Queer by definition is whatever is at odds with the normal, the legitimate, the dominant. There is nothing in particular to which it necessarily refers. It is an identity without an essence. ‘Queer’ then, demarcates not a positivity but a positionality vis-a-vis the normative—a positionality that is not restricted to lesbians and gay men, but is in fact available to anyone who is or who feels marginalized because of her or his sexual practices: it could include some married couples without children, for example, or even (who knows?) some married couples with children.

Saint Foucault: Towards a Gay Hagiography By David M. Halperin
Jason Tester shows us how Queer culture might offer advantages of resilience & adaptability to the human population as a whole.


In this broader, more inclusive meaning of queer, to queer a narrative is to challenge expected social norms via storytelling.

The aim: Solidarity and visibility, leading to acceptance.


David Sedaris scoffed at the tall woman who considers herself queer.

Even if queerness referred only to gender, romantic and sexual minorities, when a tall woman lives in a culture where women are expected to be shorter than their male partners, and if her height leads to real, observable impacts on her settling into a normative romantic life, then yes. Within that culture, a tall woman is queer, because queerness challenges cisheteronormativity.

Julia Serano, who wrote Whipping Girl, Excluded, Sexed Up and other influential works on gender and transmisogyny happens to use the example of height to illuminate how ‘marked’ identities and stigma works. If we are uncomfortable describing a tall woman as ‘queer’, Serano’s ‘marked/unmarked’ mindset might do the job:

We may face different ‘isms’, but how it plays out in our lives is sometimes very similar. We’re invalidated in similar ways. Or similar tactics are used against us.


From a feminist standpoint, a lot of times sexual harassment or what are sometimes called street remarks that women experience is a lot of the time framed in terms of sexism or sexual objectification, which a lot of times it most certainly is. But there are huge parallels between those experiences I would have and the experiences I would have when people were aware that I was trans. There’s entitlement about commenting on you, or questioning you in ways I’d never experienced back when people viewed me as male, but also when people viewed me as cisgender. In that chapter [of Sexed Up] I talk about some anecdotes I experienced as a woman, and some I experienced as a trans person. People felt it okay to comment upon me, or even touch me sometimes.

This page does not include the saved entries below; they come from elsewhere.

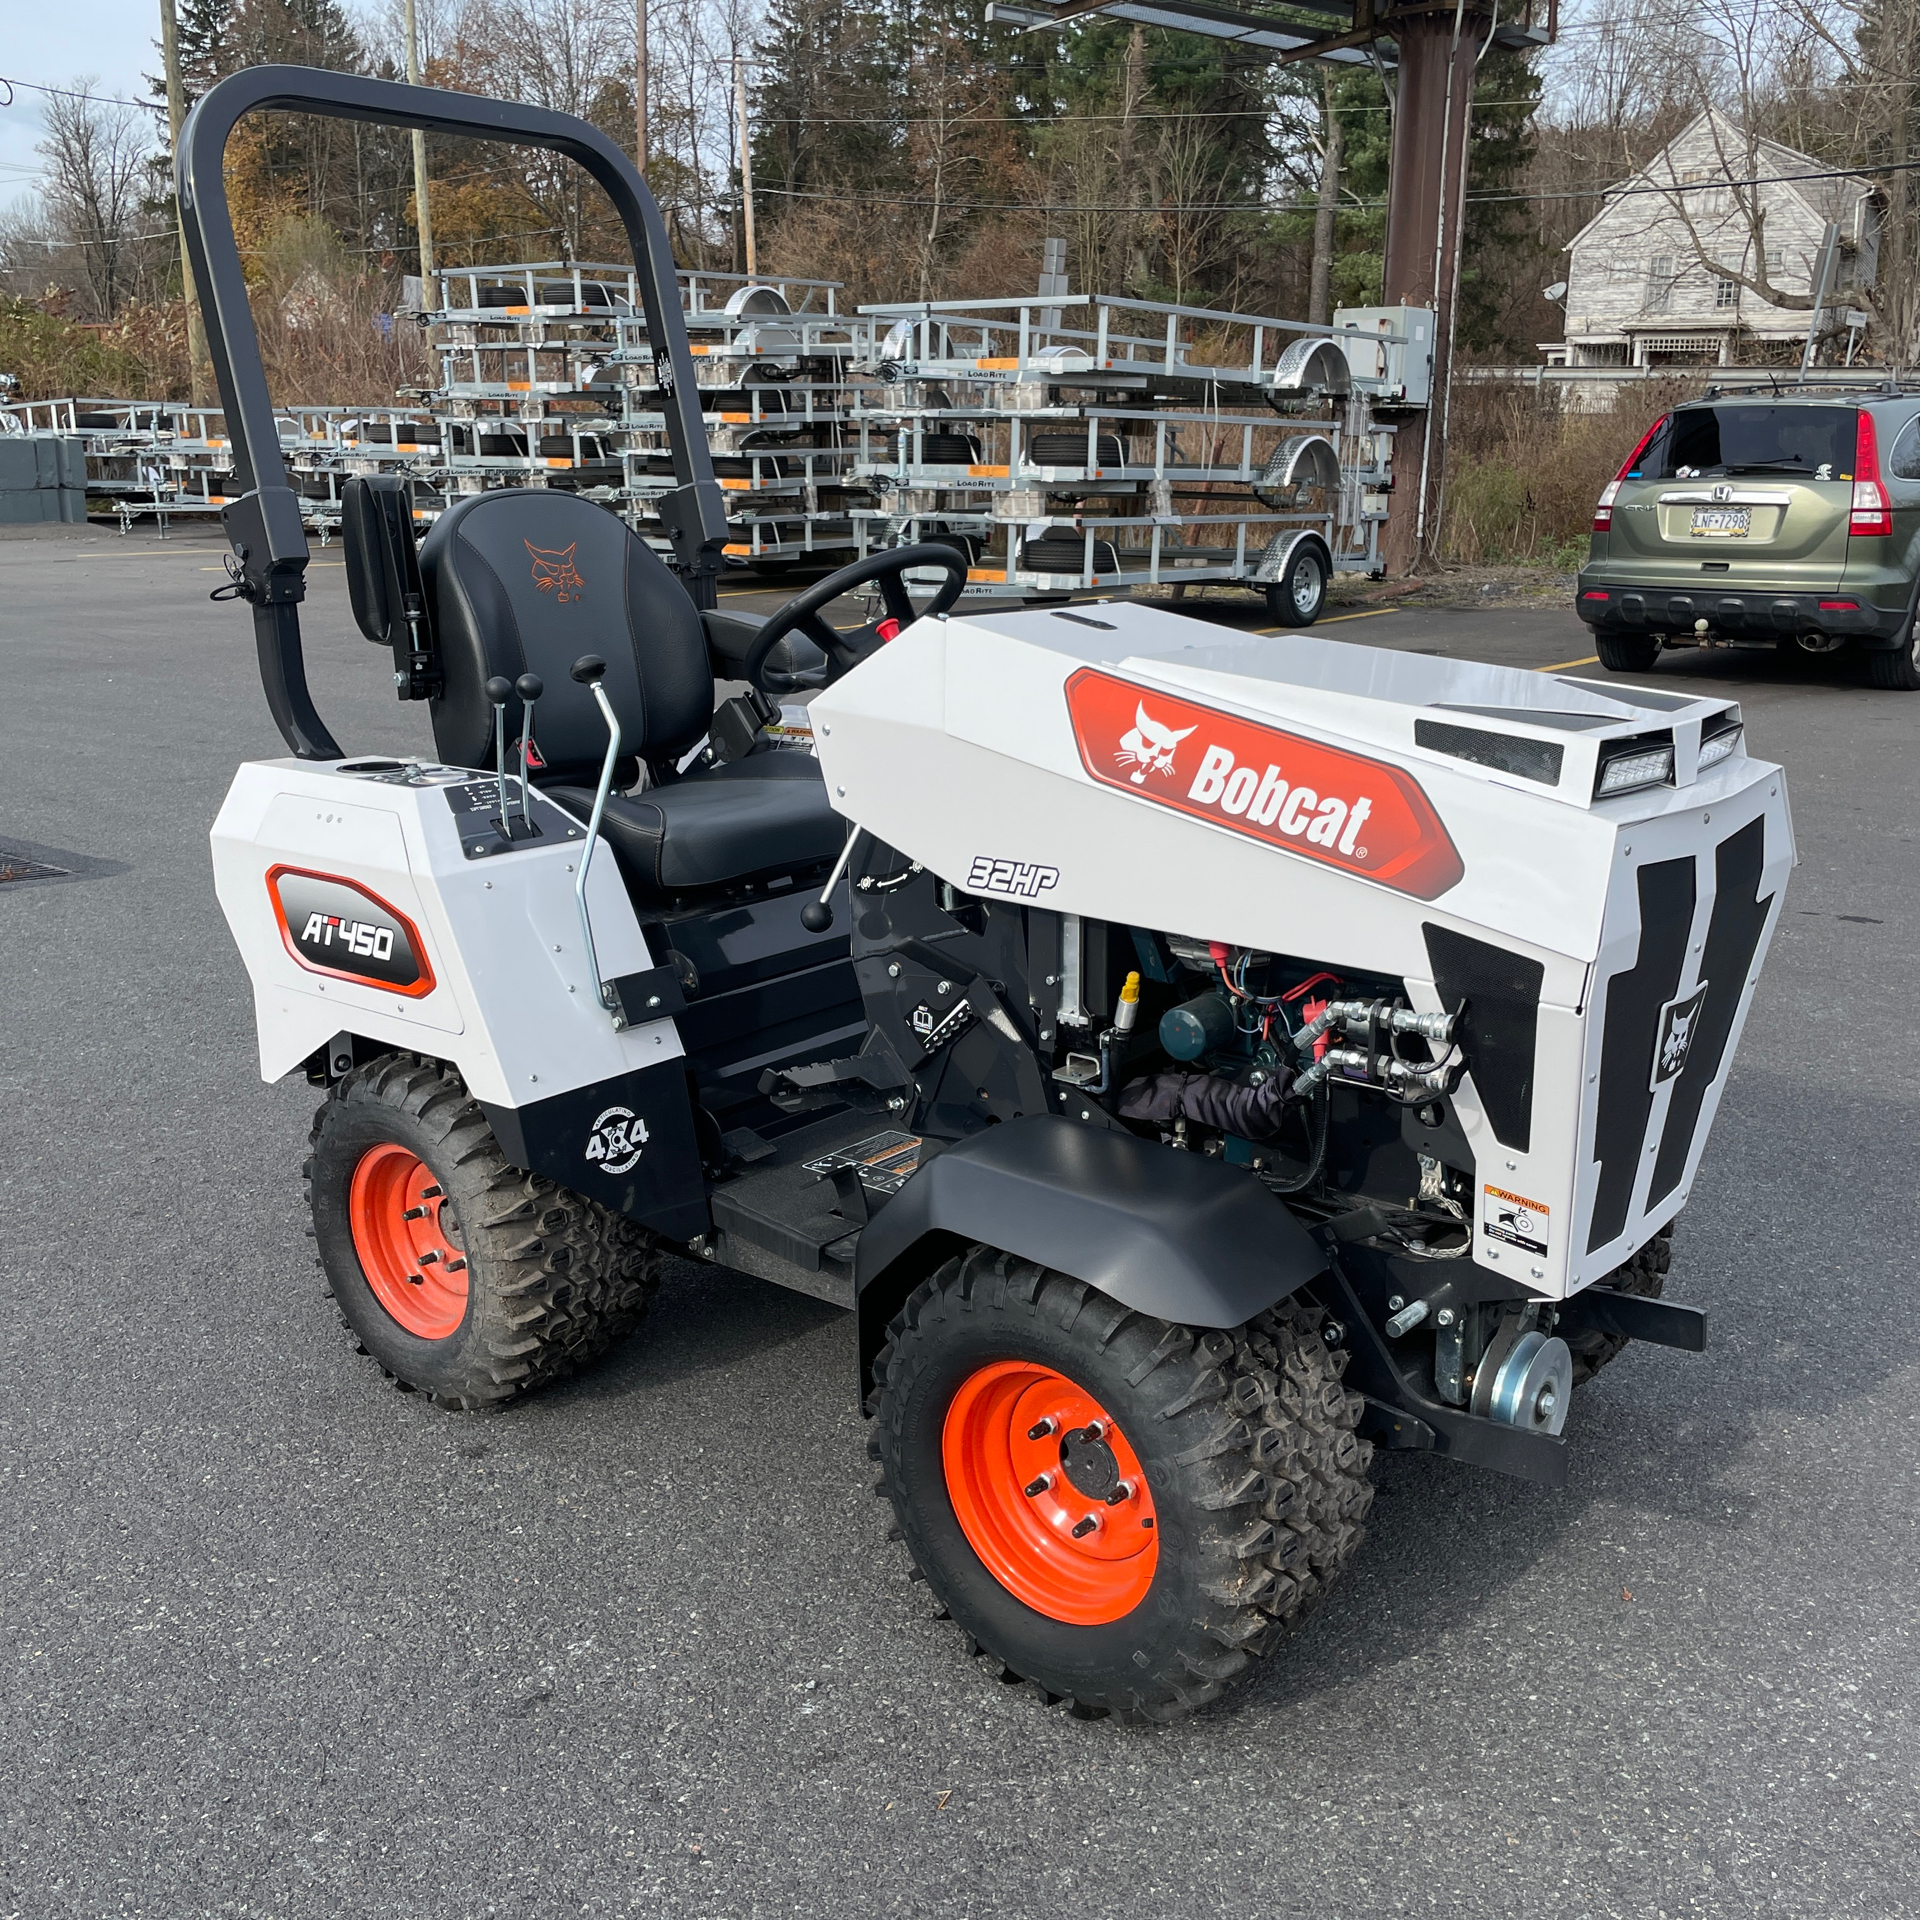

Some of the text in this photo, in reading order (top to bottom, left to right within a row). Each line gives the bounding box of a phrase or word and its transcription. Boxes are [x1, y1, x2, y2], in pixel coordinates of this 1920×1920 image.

[1187, 744, 1372, 855] Bobcat
[967, 856, 1060, 898] 32HP
[301, 912, 394, 962] AT450
[595, 1108, 631, 1127] ARTICULATING
[604, 1154, 639, 1172] OSCILLATING
[1499, 1190, 1546, 1213] WARNING
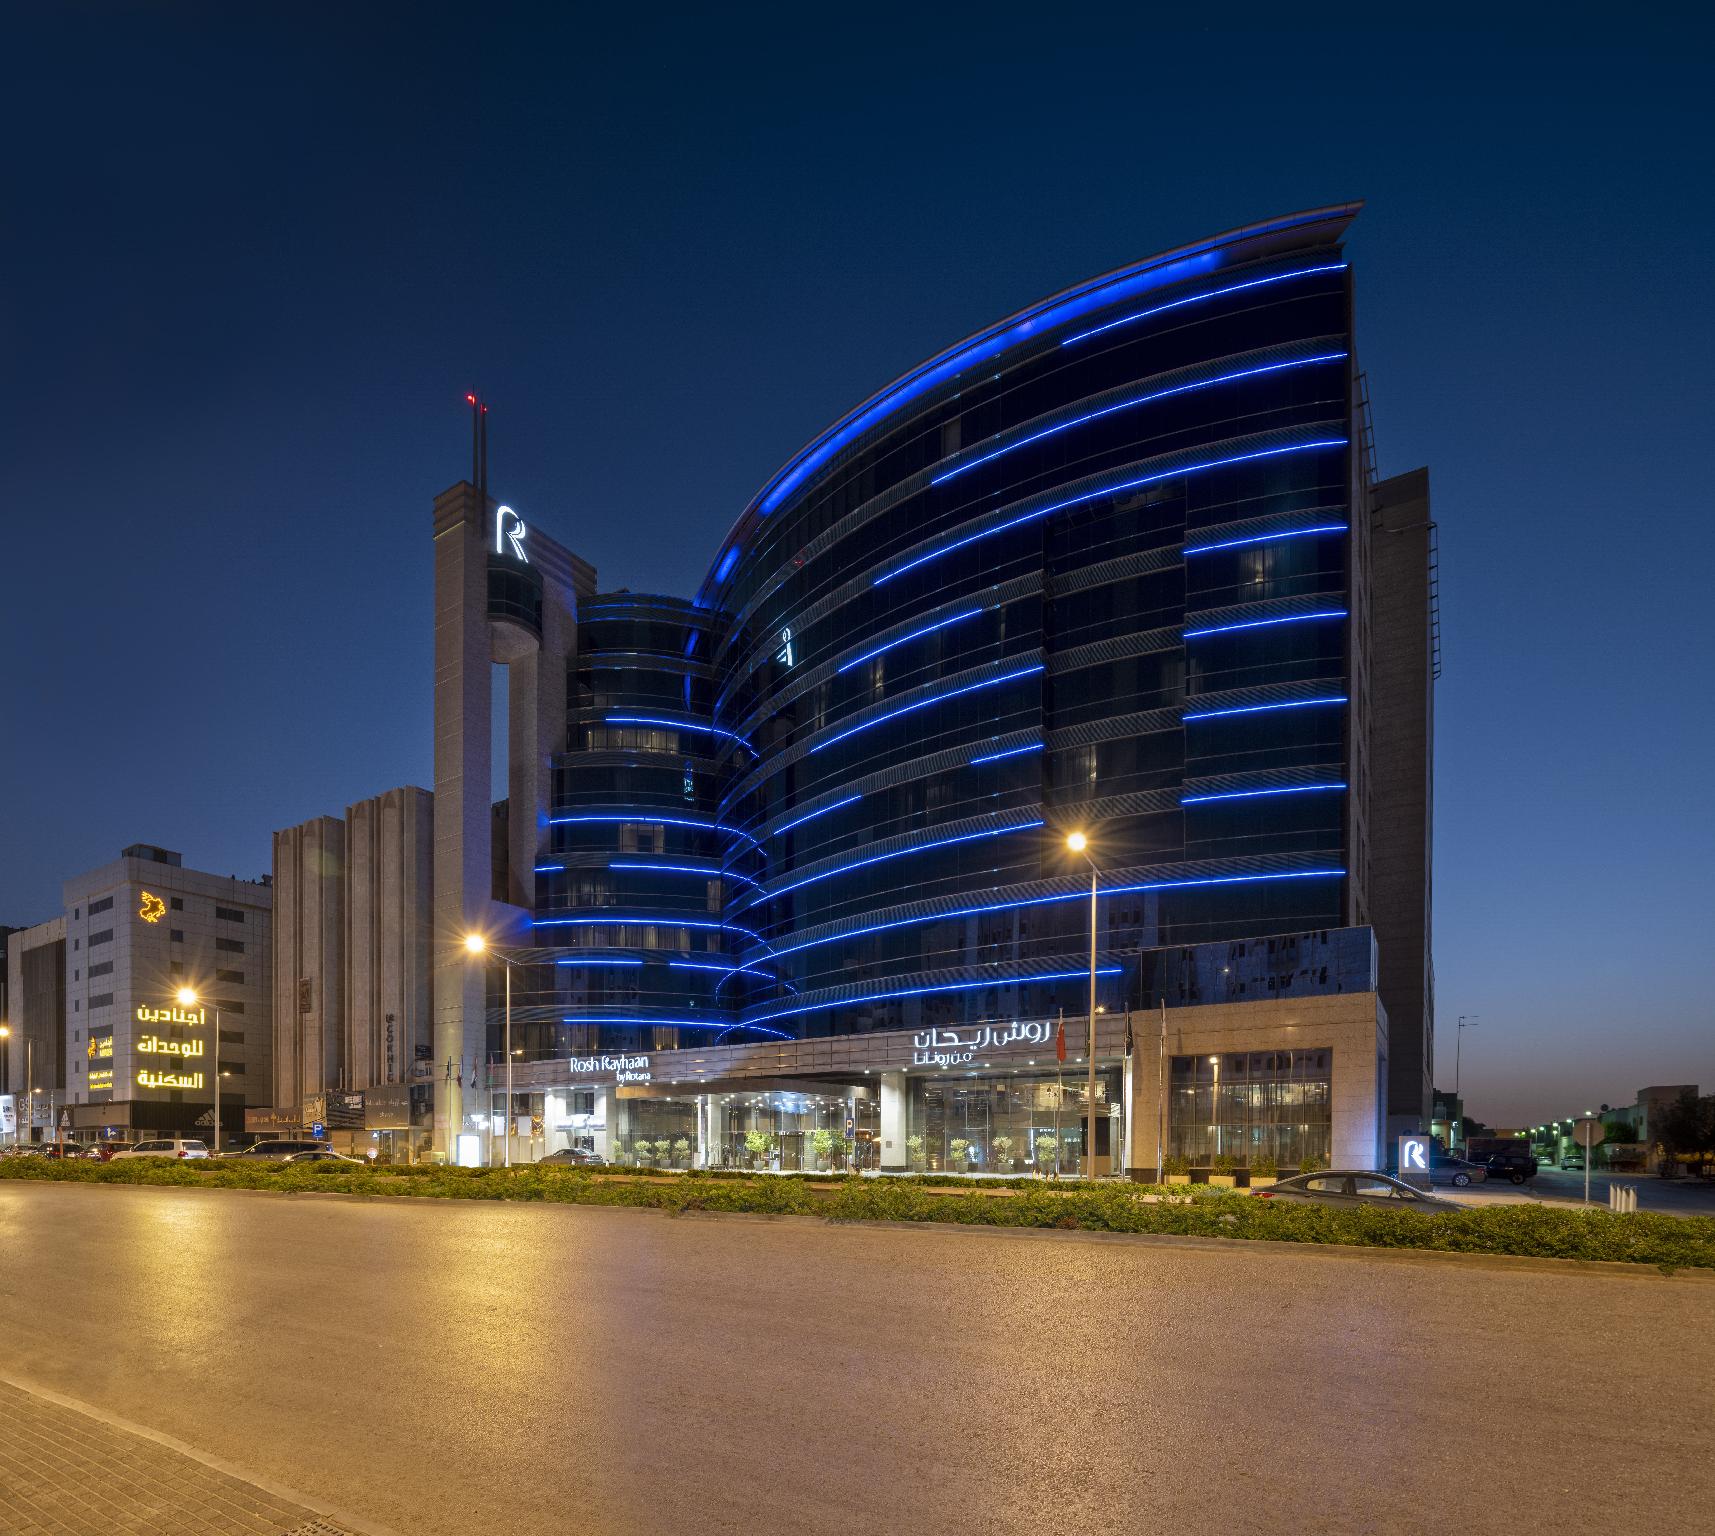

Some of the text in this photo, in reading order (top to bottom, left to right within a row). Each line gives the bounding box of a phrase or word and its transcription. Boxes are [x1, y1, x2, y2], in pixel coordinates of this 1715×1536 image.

[914, 1021, 1050, 1050] روش ريحان
[137, 1036, 203, 1058] للوحدات
[570, 1054, 649, 1073] Rosh Rayhaan
[137, 1070, 203, 1089] السكنية
[616, 1071, 651, 1084] by Rotana
[194, 1119, 224, 1127] adids
[314, 1124, 322, 1134] P
[846, 1119, 853, 1134] P
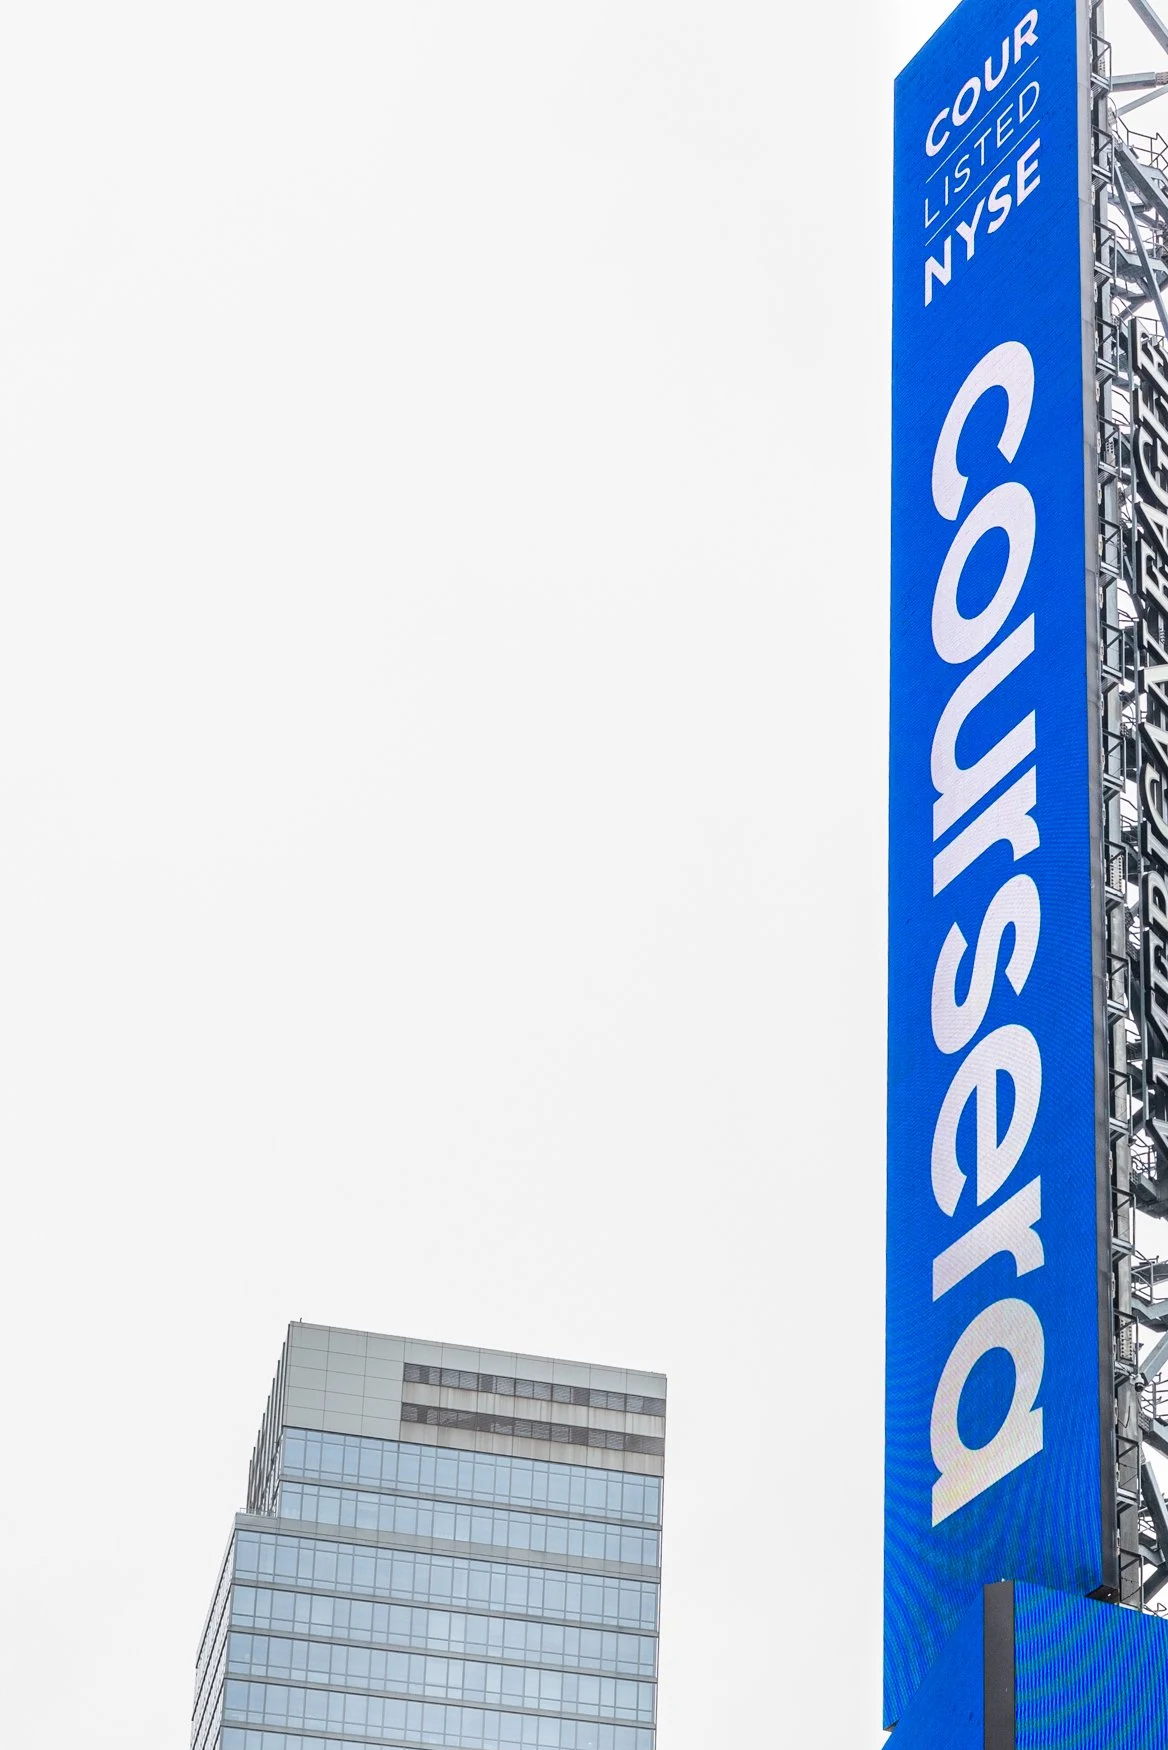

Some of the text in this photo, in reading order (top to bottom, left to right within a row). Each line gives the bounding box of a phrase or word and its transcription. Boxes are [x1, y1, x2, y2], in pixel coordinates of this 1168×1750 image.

[924, 80, 1041, 229] LISTED
[925, 8, 1040, 157] COUR
[924, 138, 1041, 306] NYSE
[930, 340, 1045, 1528] coursera

Then I had this other experience that I call being a ‘sublebrity’ which is a word a friend of mine came up with to describe someone who’s a kind of celebrity within a particular subculture. For the most part, people in the world don’t know who I am. But within certain queer or feminist trans settings people sometimes know who I am beforehand. And they also will act that way in those spaces too. Obviously, it’s very different being seen as a celebrity as opposed to being seen as a marginalised person. But in both instances you’re marked. People feel it’s okay to approach you, to comment about you. They get offended if you don’t acknowledge you in those situations, even though it can be annoying when you’re on the receiving end of that.

In both cases, those people are seen as marked, and marked people are seen as asking for any kind of attention that they receive. When I was first moving through the world [as a trans woman], this helped me understand why people would get really upset when I didn’t acknowledge the remarks. That didn’t make sense to me. But it does make sense when you realise that when you’re a member of a marked group, people imagine you’re sending out phantom invitations. And they consider you a public spectacle they can comment upon. I feel it really helps make sense of a lot of different people’s experiences.

Even if you’re not a member of a marginalised group, you might be marked in certain ways. So for instance before I transitioned I was very small for being a boy. My whole life I’d walk into a room and people would be like, Wow, you’re really short! It was really bizarre that people would just make all these comments. Even if they weren’t trying to put me down, they had to talk about it. There was a co-worker I had this conversation with and she was a very tall woman. She gets the exact same things. We were telling our stories and basically they were very similar. Any room I walked into I was the shortest boy and she was the tallest woman. And people react in these awkward ways.

It plays out differently for every person, for every given trait. I’m not trying to say everything is the exact same. But there are these common themes that come up over and over and over again that I was really trying to get across in the unmarked/marked mindset.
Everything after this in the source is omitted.